# EXERCISE DESCRIPTION:
Copy the records below exactly as they stand. Leave out the pictures.

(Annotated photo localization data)

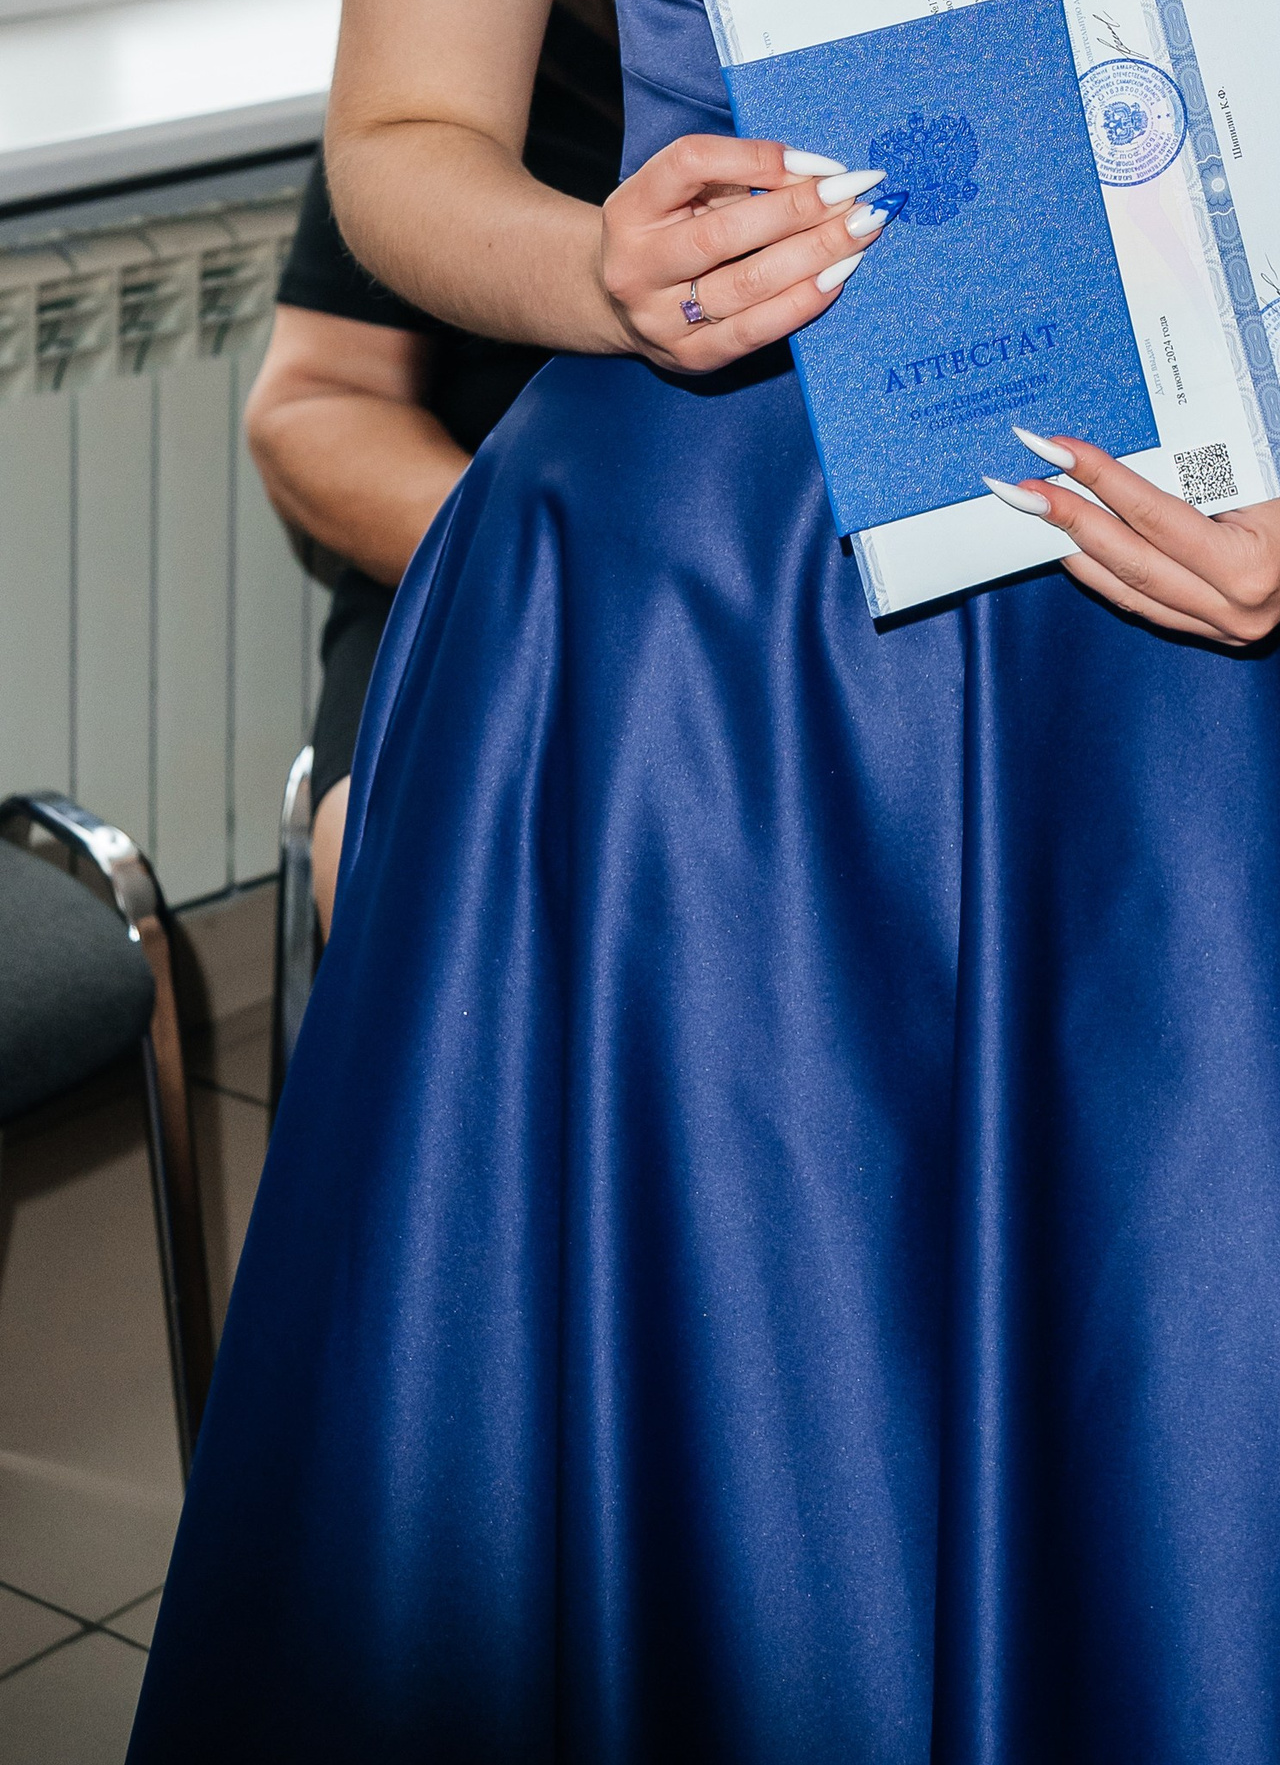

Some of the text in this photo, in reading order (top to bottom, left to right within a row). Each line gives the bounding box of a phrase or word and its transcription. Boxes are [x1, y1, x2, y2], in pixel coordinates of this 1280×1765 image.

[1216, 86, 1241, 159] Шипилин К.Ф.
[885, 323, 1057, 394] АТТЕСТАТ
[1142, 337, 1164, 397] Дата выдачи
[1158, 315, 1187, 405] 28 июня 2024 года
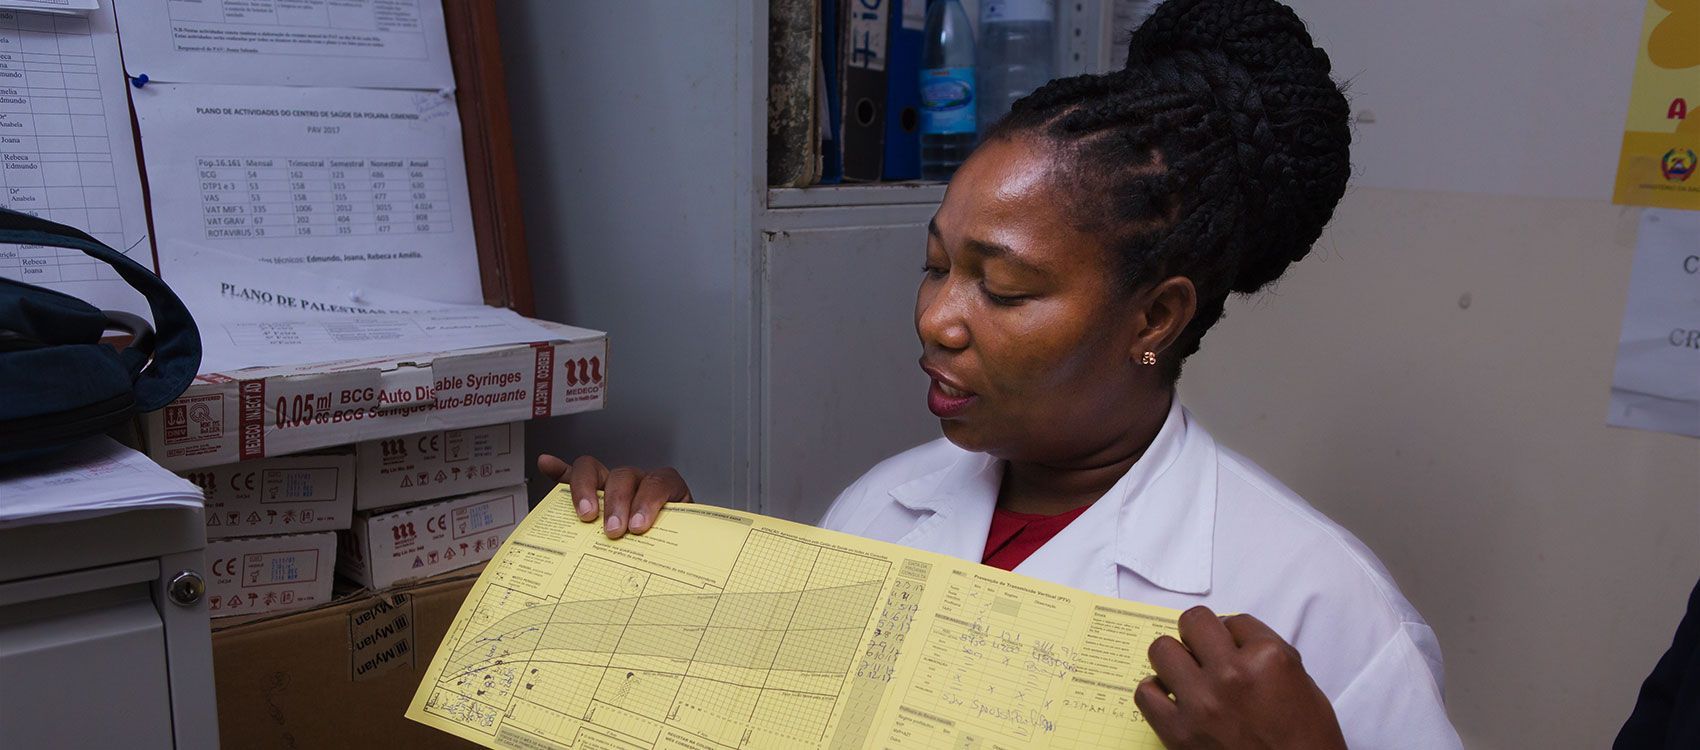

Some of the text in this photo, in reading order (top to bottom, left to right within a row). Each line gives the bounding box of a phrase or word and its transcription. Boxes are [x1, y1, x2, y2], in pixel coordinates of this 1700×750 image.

# EXPECTED ANSWER:
Some of the text in this photo, in reading order (top to bottom, left to right within a row). Each line gives the bounding box of a phrase or word and its transcription. Boxes are [x1, y1, x2, y2], in pixel coordinates of this 1280×1765 image.

[1216, 86, 1241, 159] Шипилин К.Ф.
[885, 323, 1057, 394] АТТЕСТАТ
[1142, 337, 1164, 397] Дата выдачи
[1158, 315, 1187, 405] 28 июня 2024 года

Some of the text in this photo, in reading order (top to bottom, left to right within a row). Each line gives the bounding box of a phrase or word and its transcription. Boxes are [x1, y1, x2, y2], in pixel coordinates of this 1700×750 image.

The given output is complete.